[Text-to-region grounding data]
☆ ☆ ☆ ☆ ☆

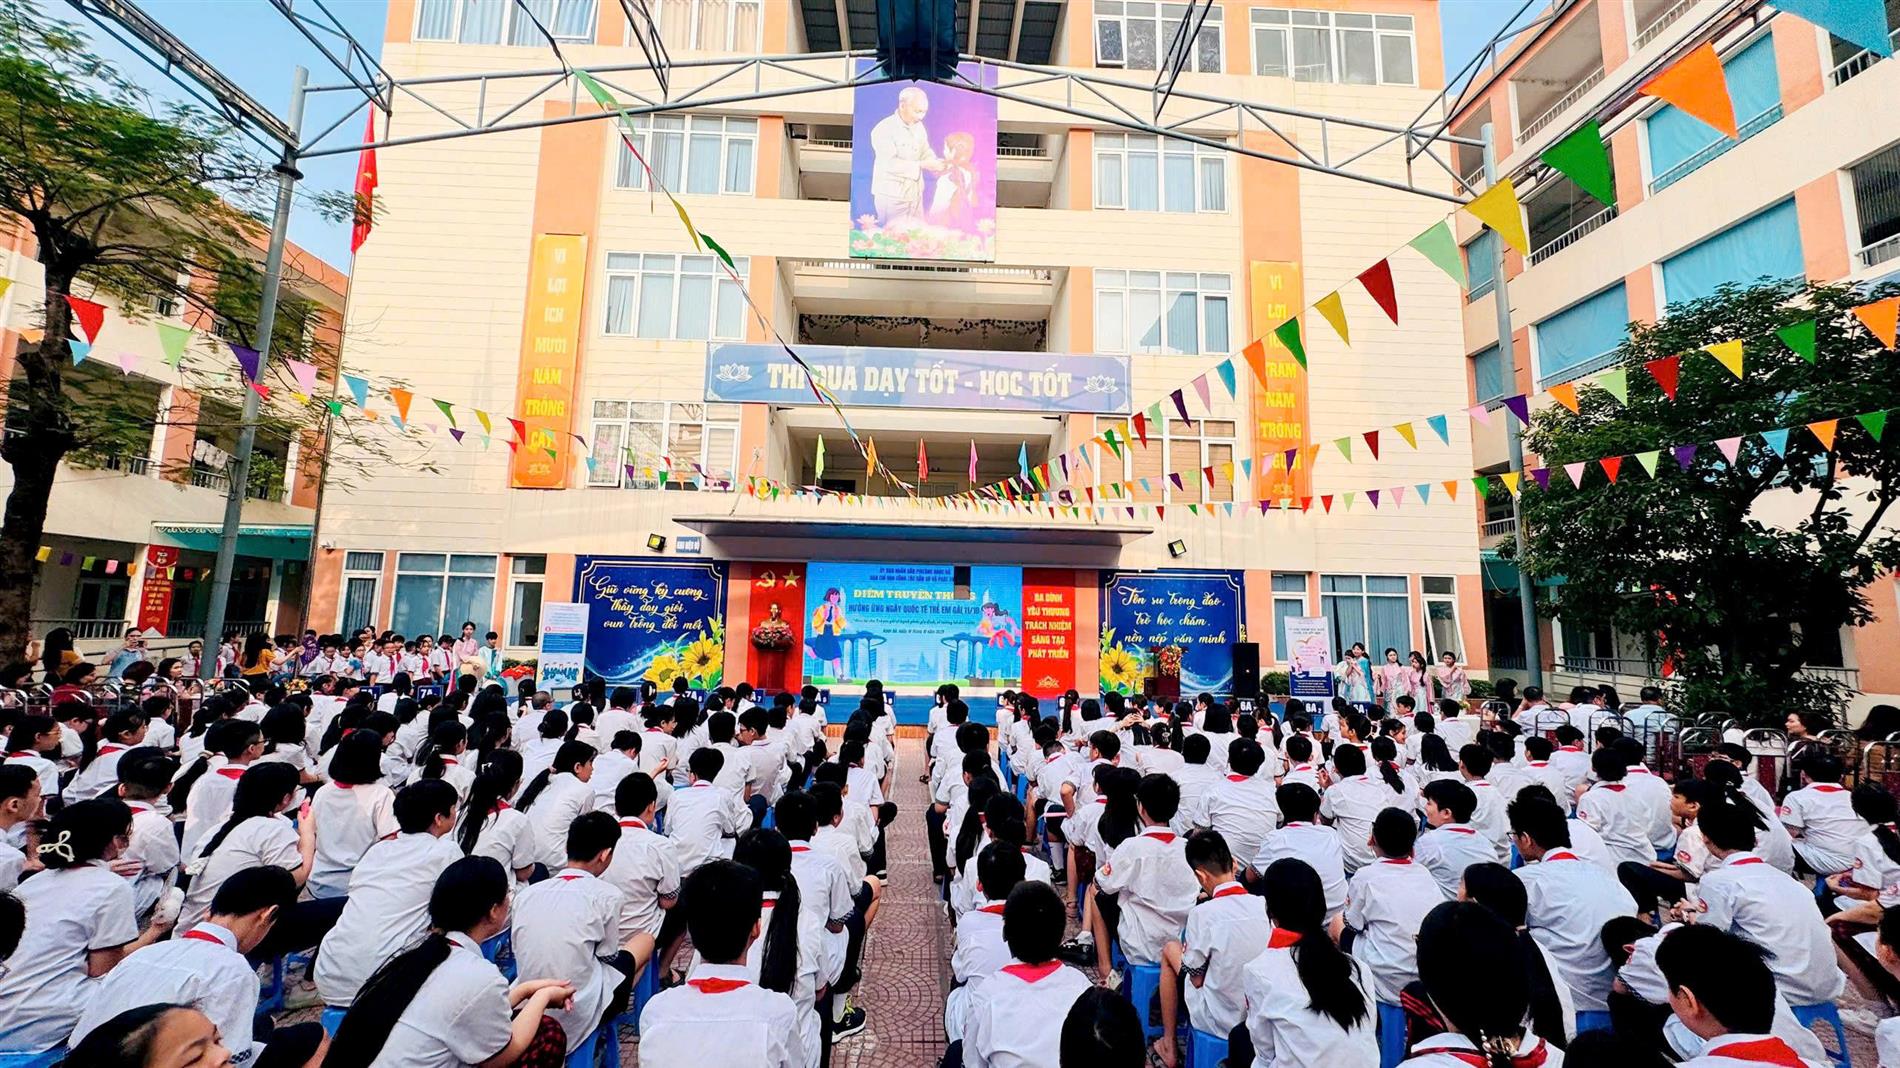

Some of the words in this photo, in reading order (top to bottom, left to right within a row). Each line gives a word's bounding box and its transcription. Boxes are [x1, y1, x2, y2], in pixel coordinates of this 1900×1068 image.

[767, 363, 806, 389] THI
[863, 366, 910, 397] DẠY
[915, 359, 959, 394] TỐT
[962, 380, 974, 388] -
[979, 369, 1023, 401] HỌC
[1029, 363, 1073, 398] TỐT
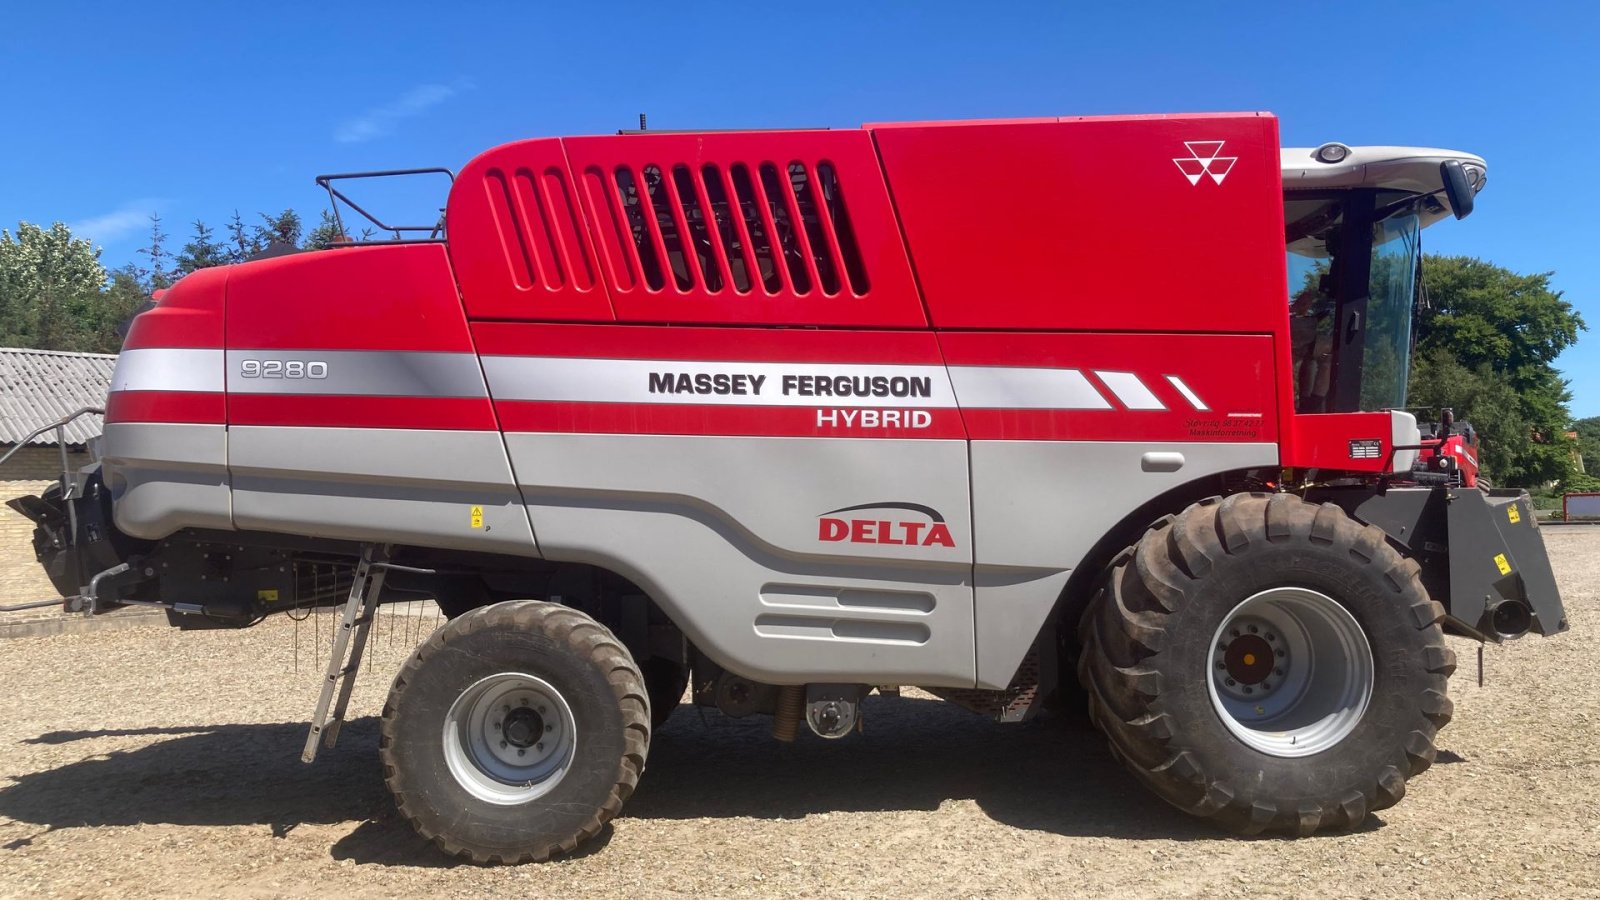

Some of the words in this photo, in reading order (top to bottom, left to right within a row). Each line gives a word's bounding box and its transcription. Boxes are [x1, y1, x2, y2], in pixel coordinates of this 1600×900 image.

[241, 360, 328, 379] 9280
[649, 372, 766, 396] MASSEY
[782, 375, 932, 398] FERGUSON
[816, 409, 932, 429] HYBRID
[1189, 429, 1257, 438] Maskinforretning
[819, 518, 956, 547] DELTA

☆ ☆ ☆ ☆ ☆

Instructions for the task:
Could you transcribe the records above exactly, leaving out any pictures?

The completed task:
Some of the words in this photo, in reading order (top to bottom, left to right within a row). Each line gives a word's bounding box and its transcription. Boxes are [x1, y1, x2, y2], in pixel coordinates of this 1900×1068 image.

[767, 363, 806, 389] THI
[863, 366, 910, 397] DẠY
[915, 359, 959, 394] TỐT
[962, 380, 974, 388] -
[979, 369, 1023, 401] HỌC
[1029, 363, 1073, 398] TỐT

Some of the words in this photo, in reading order (top to bottom, left to right within a row). Each line gives a word's bounding box and its transcription. Boxes are [x1, y1, x2, y2], in pixel coordinates of this 1600×900 image.

[241, 360, 328, 379] 9280
[649, 372, 766, 396] MASSEY
[782, 375, 932, 398] FERGUSON
[816, 409, 932, 429] HYBRID
[1189, 429, 1257, 438] Maskinforretning
[819, 518, 956, 547] DELTA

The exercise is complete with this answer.